YOUR TASK: Beginning at the line that contains "this 1224×1632 image.", write out each remaining line of the entries below exactly as it stands.

DATA TO PROCESS:
────────────────

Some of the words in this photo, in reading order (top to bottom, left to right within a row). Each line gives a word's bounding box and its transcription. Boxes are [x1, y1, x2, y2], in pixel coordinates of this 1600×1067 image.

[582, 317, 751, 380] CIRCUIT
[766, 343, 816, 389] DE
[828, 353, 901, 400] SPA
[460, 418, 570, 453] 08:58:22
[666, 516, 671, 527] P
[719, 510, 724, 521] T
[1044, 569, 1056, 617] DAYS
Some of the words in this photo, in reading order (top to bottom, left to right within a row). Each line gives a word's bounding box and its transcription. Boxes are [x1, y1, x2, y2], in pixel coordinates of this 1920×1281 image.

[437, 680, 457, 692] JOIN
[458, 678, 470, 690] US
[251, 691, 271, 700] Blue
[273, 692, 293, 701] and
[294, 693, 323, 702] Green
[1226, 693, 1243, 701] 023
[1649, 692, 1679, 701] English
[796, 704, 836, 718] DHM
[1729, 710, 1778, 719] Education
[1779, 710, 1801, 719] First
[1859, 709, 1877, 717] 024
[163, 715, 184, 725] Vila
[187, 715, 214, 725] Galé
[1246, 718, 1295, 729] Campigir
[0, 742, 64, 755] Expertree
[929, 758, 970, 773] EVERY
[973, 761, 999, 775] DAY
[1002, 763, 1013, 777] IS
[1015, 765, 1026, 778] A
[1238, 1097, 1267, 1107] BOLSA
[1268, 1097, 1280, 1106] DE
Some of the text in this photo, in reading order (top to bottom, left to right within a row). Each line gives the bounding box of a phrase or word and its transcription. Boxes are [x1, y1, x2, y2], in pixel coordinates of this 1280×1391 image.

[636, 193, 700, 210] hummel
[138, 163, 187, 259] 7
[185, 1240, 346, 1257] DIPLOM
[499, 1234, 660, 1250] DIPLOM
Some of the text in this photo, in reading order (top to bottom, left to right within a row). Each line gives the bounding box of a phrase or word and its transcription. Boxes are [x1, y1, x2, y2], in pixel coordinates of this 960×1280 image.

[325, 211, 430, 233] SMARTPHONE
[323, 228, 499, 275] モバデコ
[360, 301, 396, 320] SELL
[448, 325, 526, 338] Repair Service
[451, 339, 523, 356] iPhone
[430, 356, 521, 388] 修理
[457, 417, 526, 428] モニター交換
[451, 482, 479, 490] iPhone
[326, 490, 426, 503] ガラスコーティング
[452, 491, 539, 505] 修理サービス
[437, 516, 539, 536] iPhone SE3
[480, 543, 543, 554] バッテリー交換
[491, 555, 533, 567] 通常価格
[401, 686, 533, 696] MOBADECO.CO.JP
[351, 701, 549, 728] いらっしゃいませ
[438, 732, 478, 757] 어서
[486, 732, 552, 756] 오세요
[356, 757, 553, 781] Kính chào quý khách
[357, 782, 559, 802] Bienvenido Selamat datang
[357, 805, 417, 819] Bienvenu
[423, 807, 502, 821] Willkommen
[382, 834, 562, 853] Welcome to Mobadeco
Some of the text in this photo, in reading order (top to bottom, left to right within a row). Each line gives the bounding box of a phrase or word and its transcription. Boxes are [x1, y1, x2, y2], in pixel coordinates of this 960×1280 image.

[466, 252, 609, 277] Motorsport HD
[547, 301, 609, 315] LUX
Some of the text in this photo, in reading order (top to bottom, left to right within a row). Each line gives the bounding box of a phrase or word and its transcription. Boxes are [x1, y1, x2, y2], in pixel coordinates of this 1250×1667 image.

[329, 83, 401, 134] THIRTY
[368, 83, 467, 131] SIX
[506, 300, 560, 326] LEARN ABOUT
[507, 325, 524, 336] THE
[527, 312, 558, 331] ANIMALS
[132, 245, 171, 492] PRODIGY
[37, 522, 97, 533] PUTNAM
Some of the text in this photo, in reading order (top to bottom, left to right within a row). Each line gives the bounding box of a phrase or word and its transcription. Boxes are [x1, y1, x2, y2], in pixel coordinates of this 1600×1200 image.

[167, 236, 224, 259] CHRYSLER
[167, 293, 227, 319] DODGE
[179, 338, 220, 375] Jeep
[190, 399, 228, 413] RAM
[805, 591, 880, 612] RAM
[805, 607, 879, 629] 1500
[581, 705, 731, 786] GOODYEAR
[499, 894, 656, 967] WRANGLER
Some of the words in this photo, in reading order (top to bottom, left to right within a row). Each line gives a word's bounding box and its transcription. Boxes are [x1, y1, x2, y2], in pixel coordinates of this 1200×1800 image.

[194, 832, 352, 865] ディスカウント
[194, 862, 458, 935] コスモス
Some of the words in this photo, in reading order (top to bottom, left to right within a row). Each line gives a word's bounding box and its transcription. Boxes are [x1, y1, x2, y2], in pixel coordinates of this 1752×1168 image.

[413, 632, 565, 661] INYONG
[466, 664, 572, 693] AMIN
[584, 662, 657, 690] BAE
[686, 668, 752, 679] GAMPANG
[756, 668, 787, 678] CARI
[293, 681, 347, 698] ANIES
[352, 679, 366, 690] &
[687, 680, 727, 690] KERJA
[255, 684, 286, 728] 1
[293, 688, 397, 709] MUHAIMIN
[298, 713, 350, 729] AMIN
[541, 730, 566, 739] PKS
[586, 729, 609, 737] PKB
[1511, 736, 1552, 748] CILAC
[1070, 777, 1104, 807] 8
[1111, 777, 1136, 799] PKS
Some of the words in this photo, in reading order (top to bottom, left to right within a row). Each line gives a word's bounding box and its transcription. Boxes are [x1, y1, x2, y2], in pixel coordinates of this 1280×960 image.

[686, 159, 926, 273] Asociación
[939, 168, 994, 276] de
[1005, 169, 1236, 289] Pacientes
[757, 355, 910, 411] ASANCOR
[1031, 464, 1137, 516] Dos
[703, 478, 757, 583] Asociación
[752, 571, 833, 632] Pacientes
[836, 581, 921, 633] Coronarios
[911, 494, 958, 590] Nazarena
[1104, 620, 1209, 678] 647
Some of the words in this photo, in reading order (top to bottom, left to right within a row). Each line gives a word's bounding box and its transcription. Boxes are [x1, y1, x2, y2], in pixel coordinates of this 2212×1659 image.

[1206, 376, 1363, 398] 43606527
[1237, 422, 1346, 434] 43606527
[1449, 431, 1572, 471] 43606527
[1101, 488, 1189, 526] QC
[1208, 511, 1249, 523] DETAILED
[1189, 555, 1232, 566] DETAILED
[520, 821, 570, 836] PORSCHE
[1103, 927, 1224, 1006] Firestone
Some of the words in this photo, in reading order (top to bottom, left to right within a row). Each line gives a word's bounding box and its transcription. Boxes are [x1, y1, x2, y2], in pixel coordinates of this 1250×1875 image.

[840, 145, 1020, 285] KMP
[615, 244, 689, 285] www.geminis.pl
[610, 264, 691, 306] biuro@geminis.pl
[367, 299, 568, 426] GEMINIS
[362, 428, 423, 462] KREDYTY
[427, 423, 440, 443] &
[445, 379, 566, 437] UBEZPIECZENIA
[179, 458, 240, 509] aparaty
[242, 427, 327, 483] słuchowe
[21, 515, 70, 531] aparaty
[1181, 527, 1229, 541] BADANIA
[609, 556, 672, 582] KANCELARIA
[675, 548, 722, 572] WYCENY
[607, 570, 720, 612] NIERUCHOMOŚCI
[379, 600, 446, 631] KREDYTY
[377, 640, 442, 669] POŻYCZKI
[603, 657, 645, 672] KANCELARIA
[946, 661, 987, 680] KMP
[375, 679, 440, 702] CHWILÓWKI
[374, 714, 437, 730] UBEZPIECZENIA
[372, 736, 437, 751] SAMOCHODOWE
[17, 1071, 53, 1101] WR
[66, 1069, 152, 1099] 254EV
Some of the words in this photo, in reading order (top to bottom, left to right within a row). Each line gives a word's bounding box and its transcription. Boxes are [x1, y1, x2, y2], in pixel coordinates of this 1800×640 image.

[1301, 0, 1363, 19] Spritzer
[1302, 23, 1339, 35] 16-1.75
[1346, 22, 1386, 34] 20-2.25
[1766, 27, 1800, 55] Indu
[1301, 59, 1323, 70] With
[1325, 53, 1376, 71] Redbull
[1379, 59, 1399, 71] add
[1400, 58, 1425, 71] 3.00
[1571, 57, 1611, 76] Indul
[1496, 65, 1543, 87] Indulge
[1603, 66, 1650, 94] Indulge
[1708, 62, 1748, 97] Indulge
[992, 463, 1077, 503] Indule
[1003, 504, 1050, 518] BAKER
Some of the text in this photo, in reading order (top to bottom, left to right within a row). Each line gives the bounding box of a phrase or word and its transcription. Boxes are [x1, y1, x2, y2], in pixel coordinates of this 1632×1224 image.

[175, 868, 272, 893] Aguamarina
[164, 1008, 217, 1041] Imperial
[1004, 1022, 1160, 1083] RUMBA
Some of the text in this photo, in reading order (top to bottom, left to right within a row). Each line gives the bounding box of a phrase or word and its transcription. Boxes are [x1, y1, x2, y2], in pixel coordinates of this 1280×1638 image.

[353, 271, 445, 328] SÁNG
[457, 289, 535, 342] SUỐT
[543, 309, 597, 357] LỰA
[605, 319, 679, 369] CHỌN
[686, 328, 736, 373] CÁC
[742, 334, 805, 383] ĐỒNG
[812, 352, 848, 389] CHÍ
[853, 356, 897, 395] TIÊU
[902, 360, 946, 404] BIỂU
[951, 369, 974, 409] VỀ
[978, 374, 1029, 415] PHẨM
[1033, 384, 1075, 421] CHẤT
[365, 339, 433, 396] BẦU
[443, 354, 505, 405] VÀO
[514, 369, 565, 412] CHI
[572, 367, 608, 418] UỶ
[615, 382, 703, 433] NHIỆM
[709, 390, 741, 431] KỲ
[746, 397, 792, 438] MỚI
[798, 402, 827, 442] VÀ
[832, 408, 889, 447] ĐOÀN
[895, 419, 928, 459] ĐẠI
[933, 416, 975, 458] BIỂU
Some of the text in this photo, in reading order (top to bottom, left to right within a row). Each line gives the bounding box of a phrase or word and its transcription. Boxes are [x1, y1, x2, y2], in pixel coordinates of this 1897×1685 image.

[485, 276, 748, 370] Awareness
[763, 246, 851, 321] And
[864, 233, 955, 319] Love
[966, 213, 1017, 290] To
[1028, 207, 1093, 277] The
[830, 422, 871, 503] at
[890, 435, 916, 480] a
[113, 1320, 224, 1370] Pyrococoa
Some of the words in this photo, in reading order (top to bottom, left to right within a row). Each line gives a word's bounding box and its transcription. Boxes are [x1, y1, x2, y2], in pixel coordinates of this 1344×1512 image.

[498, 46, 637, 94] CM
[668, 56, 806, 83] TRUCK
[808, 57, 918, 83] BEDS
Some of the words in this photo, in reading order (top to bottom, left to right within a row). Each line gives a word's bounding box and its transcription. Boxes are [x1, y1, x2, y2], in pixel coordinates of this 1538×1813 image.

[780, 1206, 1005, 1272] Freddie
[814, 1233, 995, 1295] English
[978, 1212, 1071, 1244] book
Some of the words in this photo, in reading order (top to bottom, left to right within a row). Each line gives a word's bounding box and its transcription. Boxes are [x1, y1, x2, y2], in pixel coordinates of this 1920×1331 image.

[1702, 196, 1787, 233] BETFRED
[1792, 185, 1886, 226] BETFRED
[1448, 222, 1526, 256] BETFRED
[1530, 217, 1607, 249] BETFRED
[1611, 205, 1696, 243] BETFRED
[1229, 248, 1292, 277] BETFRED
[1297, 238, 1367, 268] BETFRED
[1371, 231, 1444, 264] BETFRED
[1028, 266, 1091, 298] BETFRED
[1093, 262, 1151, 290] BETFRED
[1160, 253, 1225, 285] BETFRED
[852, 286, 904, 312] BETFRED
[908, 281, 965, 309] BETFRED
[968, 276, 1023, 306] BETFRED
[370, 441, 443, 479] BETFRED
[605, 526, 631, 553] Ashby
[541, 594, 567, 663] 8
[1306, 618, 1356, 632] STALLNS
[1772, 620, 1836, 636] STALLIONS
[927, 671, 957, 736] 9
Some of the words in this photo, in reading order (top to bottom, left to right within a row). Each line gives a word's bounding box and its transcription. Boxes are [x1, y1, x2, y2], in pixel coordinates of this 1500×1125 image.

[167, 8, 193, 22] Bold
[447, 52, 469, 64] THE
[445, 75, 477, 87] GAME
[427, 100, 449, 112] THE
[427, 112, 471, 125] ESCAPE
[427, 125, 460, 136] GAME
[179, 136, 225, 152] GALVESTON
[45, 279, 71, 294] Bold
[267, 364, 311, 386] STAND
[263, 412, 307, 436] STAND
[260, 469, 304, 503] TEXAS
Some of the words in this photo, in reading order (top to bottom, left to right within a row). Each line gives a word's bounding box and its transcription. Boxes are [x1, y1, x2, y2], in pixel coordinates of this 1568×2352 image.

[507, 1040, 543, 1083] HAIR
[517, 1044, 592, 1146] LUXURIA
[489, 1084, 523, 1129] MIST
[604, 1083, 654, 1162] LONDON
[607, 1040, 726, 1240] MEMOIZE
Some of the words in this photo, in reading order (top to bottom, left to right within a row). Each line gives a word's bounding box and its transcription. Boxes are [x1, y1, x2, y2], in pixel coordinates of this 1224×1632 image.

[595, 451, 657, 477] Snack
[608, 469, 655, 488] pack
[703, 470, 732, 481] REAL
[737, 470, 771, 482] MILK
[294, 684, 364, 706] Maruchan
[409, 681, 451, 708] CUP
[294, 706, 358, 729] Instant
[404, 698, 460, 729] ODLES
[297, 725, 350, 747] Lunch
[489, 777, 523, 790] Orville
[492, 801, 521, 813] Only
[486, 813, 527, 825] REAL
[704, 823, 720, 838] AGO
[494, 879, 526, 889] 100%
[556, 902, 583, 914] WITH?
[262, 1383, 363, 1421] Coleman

────────────────

RESPONSE FOR THIS EXERCISE:
Some of the words in this photo, in reading order (top to bottom, left to right within a row). Each line gives a word's bounding box and its transcription. Boxes are [x1, y1, x2, y2], in pixel coordinates of this 1224×1632 image.

[595, 451, 657, 477] Snack
[608, 469, 655, 488] pack
[703, 470, 732, 481] REAL
[737, 470, 771, 482] MILK
[294, 684, 364, 706] Maruchan
[409, 681, 451, 708] CUP
[294, 706, 358, 729] Instant
[404, 698, 460, 729] ODLES
[297, 725, 350, 747] Lunch
[489, 777, 523, 790] Orville
[492, 801, 521, 813] Only
[486, 813, 527, 825] REAL
[704, 823, 720, 838] AGO
[494, 879, 526, 889] 100%
[556, 902, 583, 914] WITH?
[262, 1383, 363, 1421] Coleman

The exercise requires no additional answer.